Recién llegado a estas tierras, me dedicaba a respirar la libertad conquistada. Iba y venía con el viento quemador y en mis pensamientos siempre aparecía Camarón venciendo a un gigante, la misma noche en que se midió con Caracol en la Venta de Vargas, San Fernando, Cádiz, Spain.
Camarón todavía era un crío pero ya superaba en metal al que, por entonces, era monarca del cante: Manolo Caracol. Un chiquillo a quien todavía le quedaba lejos no solo Madrid, sino también La Línea de la Concepción, donde se iría a vivir una vez casado con la Chispa, su mujer, gitana natural de este pueblo mitológico. La boda fue una fiesta que duró tres días y donde llovieron peladillas sobre las cabezas de los invitados. El fotógrafo de aquella boda fue José Lamarca, y cualquiera de las fotos que tiró a los novios respira el ángel de la inocencia.

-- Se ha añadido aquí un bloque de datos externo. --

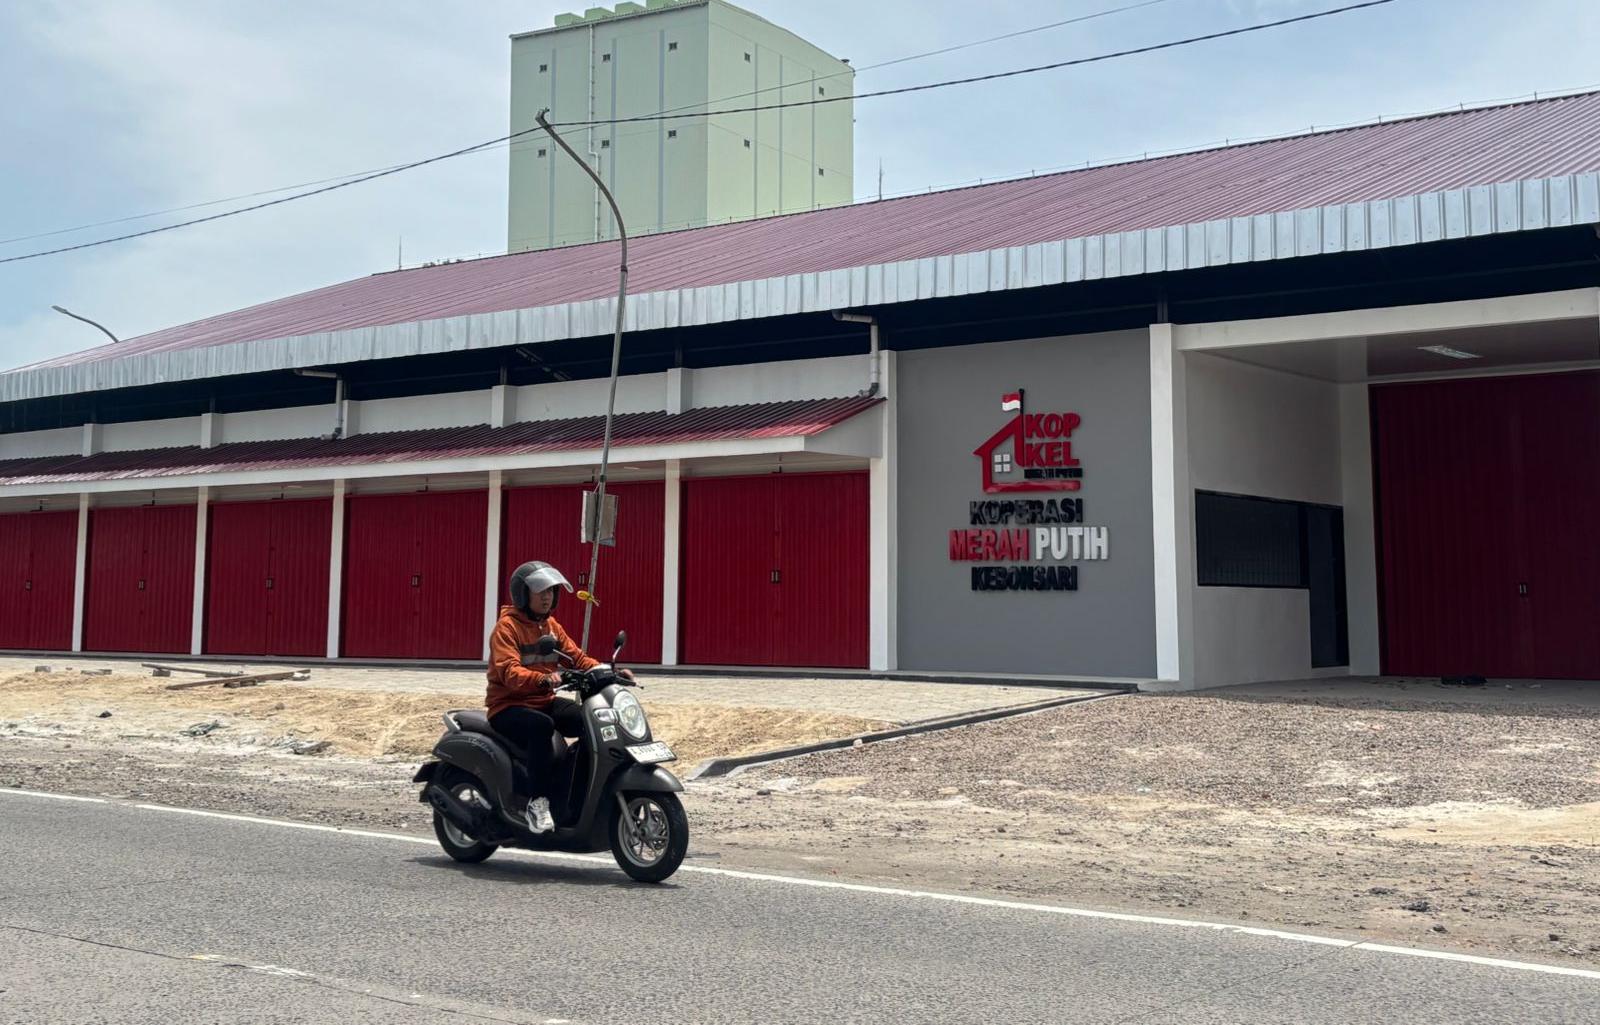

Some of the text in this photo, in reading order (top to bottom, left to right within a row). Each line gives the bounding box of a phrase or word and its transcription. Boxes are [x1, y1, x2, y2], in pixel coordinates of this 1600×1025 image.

[1024, 412, 1081, 439] KOP
[1024, 441, 1080, 467] KEL
[969, 498, 1084, 525] KOPERASI
[949, 526, 1109, 561] MERAH PUTIH
[971, 565, 1079, 591] KEBONSARI
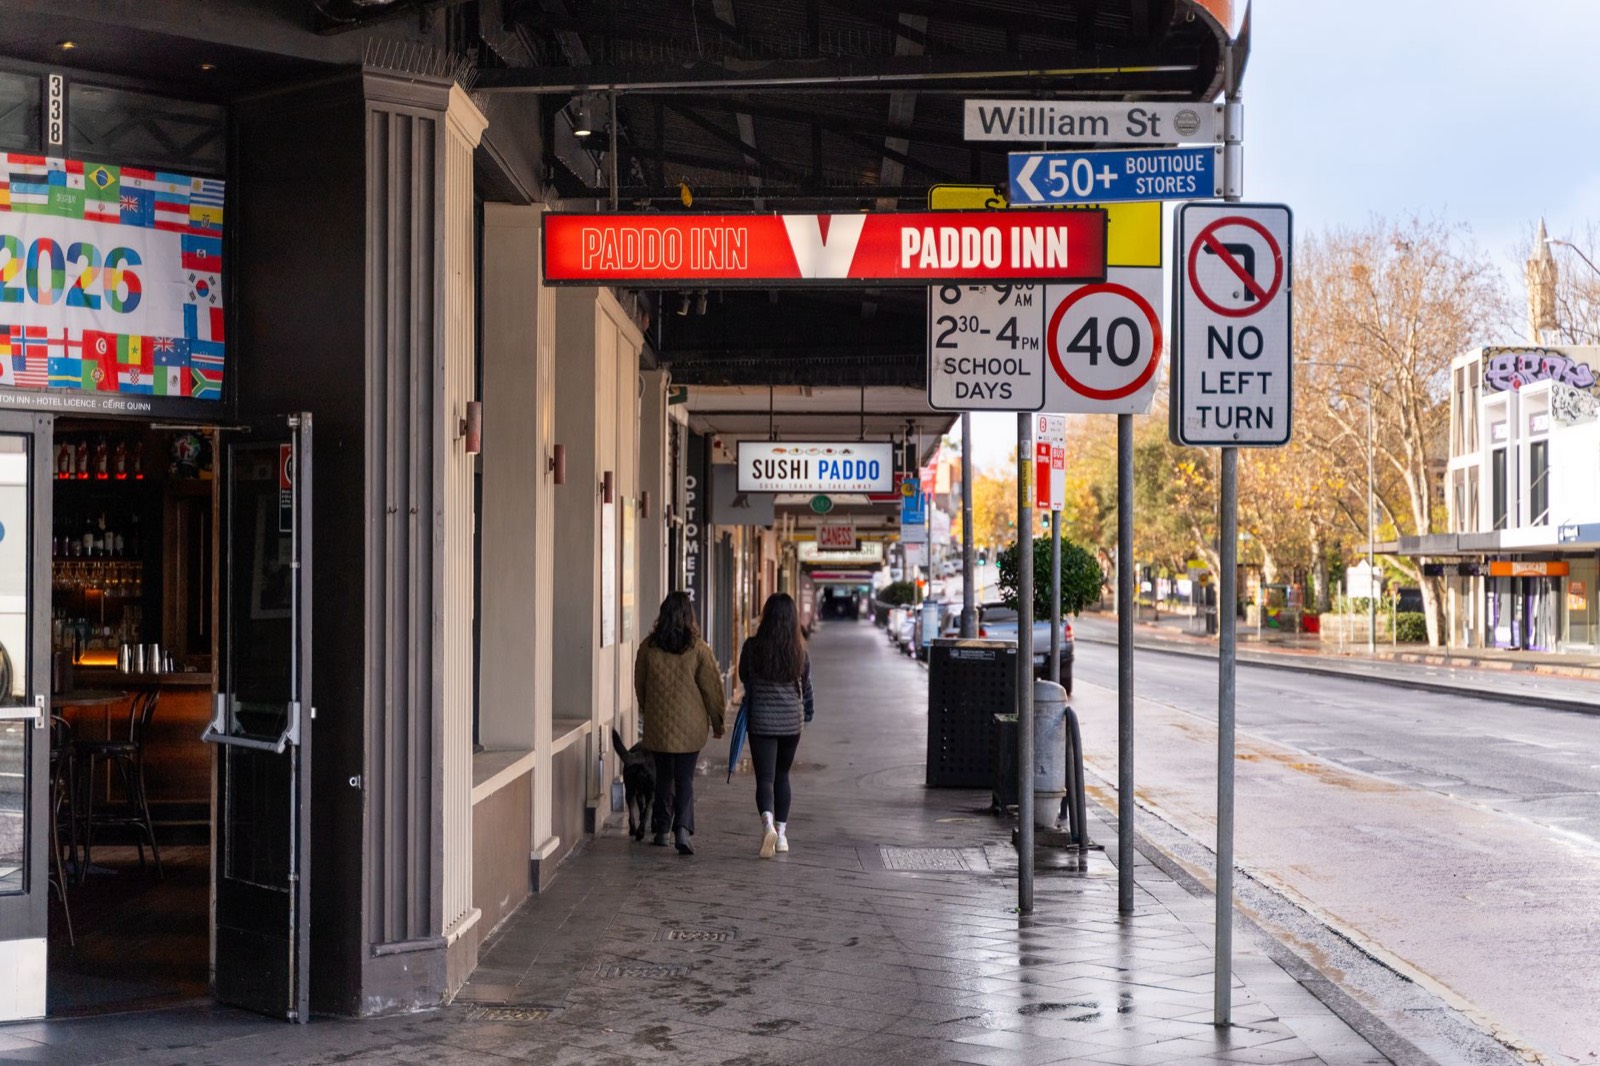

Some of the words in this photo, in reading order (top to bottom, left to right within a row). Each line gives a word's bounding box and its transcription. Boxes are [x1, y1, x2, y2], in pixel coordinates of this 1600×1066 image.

Son fotos de una gran limpieza, aunque cualquiera que haya escapado de la prohibición, puede encontrar en ellas el mismo aire de romería y burla que tienen esas otras que Lucien Clergue tomó en la peregrinación de los gitanos en Saintes-Maries-de-la-Mer, muy cerca de donde a Hércules le asaltaron para robarle los toros color púrpura. Los mismos toros que nuestro héroe había arrebatado a Gerión poco tiempo antes.
Los salteadores fueron ligures, pertenecientes a un pueblo de bandoleros protohistóricos que vivía acuartelado por aquellas tierras. En un principio, Hércules intentó repeler el ataque, pero la raza infatigable de sus contrarios le llevó a quedarse sin flechas. Ante la amenaza, Hércules pidió ayuda a Zeus, que por algo era su padre, y este no dudó tanto como Dios dudaría con el santo Job. Para nada.
De inmediato, Zeus hizo caer desde el cielo una lluvia de guijarros directa a la cabeza de los ligures. Todavía quedan muestras de estas peladillas cósmicas en la zona que se conoce como la Plaine de la Crau, sur de Francia, tierra de bandoleros y bohemios por donde paseó Picasso su exilio, escapado de la prohibición y de la raíz bélica que toda prohibición trae consigo. Con los pies descalzos sobre las piedras, Picasso llevaría una vida que aprendió cuando era chico. Los gitanos se la enseñaron al pintor desde los márgenes, que es desde donde se aprende a fumar por la nariz y a jugar a los toros.
Hay un hilo secreto, invisible, que atraviesa la historia y estremece sus geografías cuando el orden se dispone a engrasar las armas. Es el hilo sobre el que caminan los que han huido y que siempre lleva al mismo sitio, al laberinto de la memoria. Tal vez por eso, durante su exilio, Picasso compartió tardes de ruedo con todos sus amigos franceses de nombre raro, como Lucien Clergue o ese otro, hombre teatral y de maneras delicadas, soltero pero con el que cualquier marido podía estar tranquilo si la esposa se sentaba al lado: Jean Cocteau.